• Exercise prompt
The records that follow are to be printed exactly, with no images.

• Input data

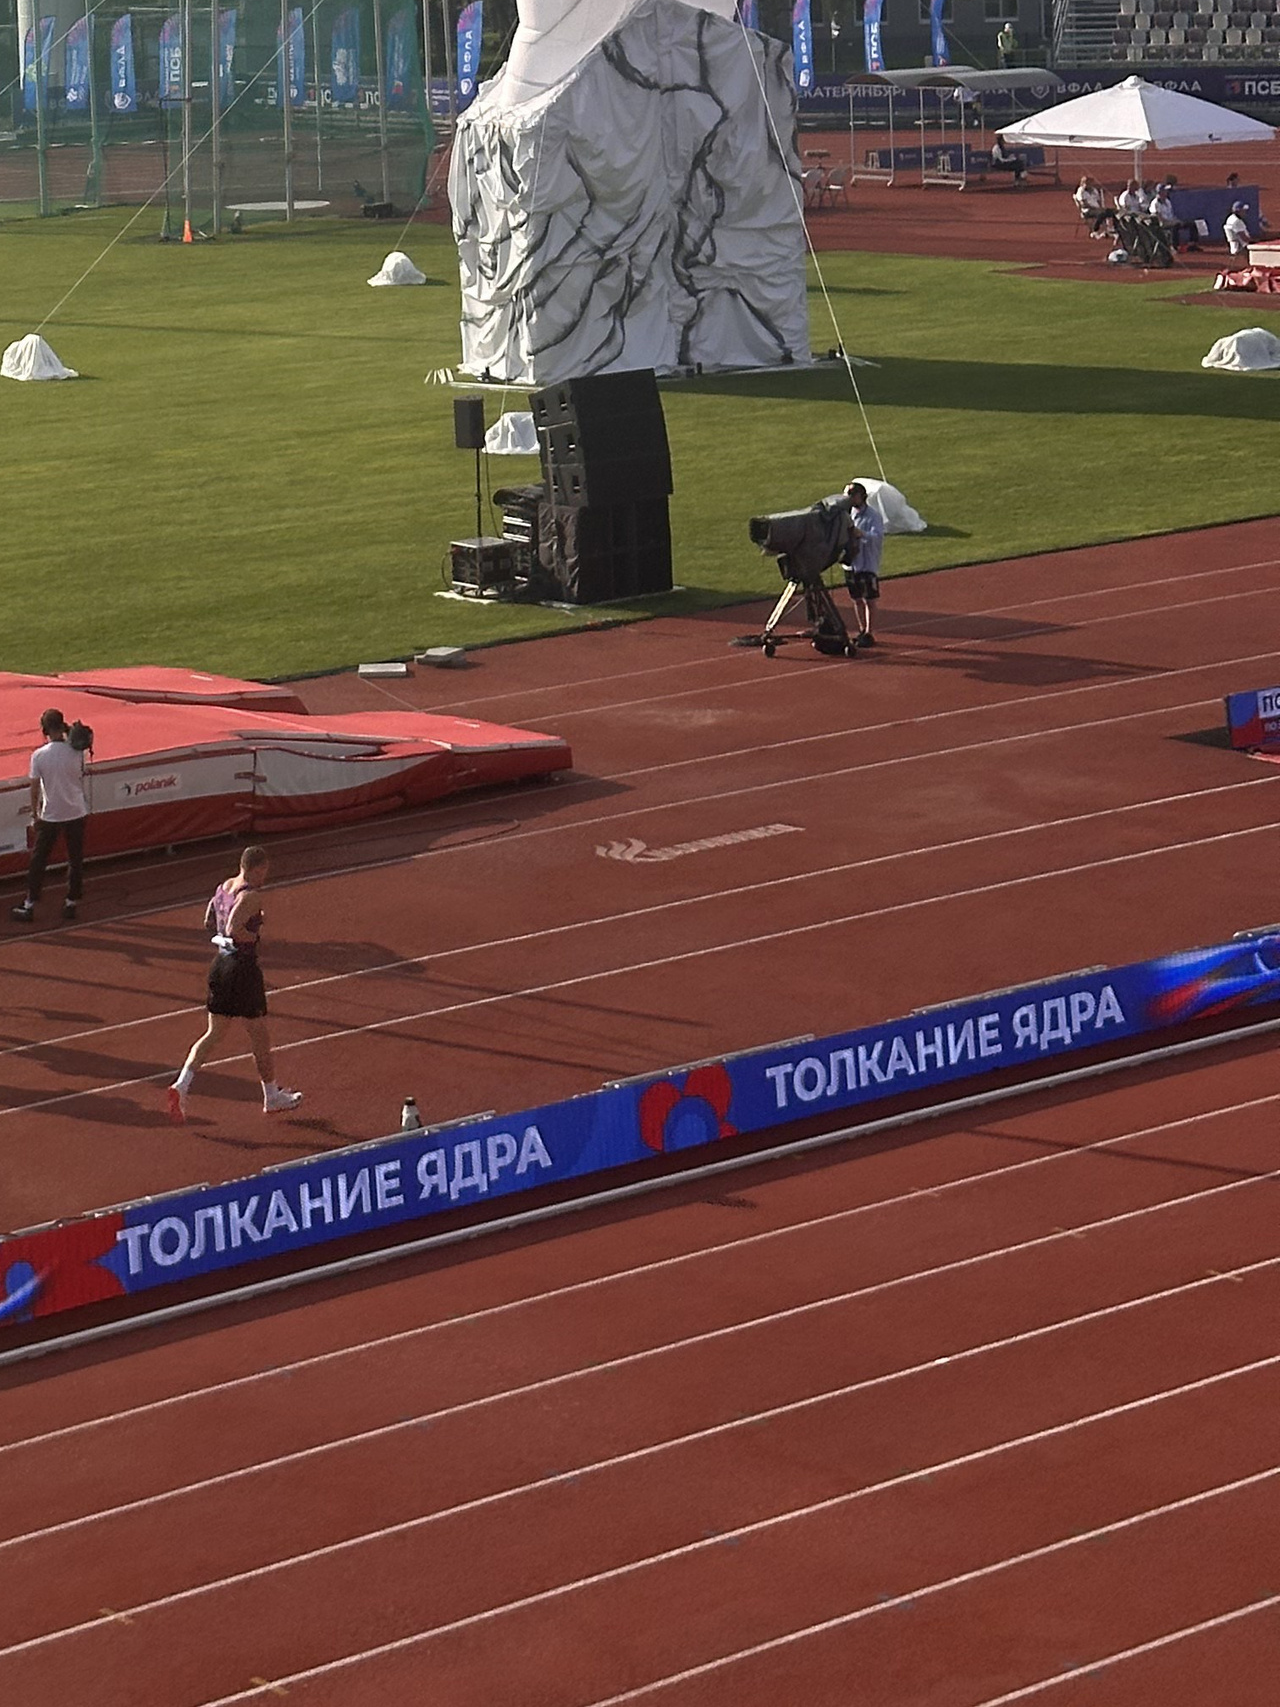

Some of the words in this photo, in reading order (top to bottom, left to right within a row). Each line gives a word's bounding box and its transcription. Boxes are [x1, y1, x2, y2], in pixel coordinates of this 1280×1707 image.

[135, 775, 177, 795] polanik
[765, 1012, 1002, 1108] ТОЛКАНИЕ
[1012, 984, 1125, 1051] ЯДРА
[116, 1159, 404, 1275] ТОЛКАНИЕ
[417, 1124, 552, 1200] ЯДРА

• Answer box
Some of the words in this photo, in reading order (top to bottom, left to right within a row). Each line gives a word's bounding box and its transcription. Boxes are [x1, y1, x2, y2], in pixel coordinates of this 1280×1707 image.

[135, 775, 177, 795] polanik
[765, 1012, 1002, 1108] ТОЛКАНИЕ
[1012, 984, 1125, 1051] ЯДРА
[116, 1159, 404, 1275] ТОЛКАНИЕ
[417, 1124, 552, 1200] ЯДРА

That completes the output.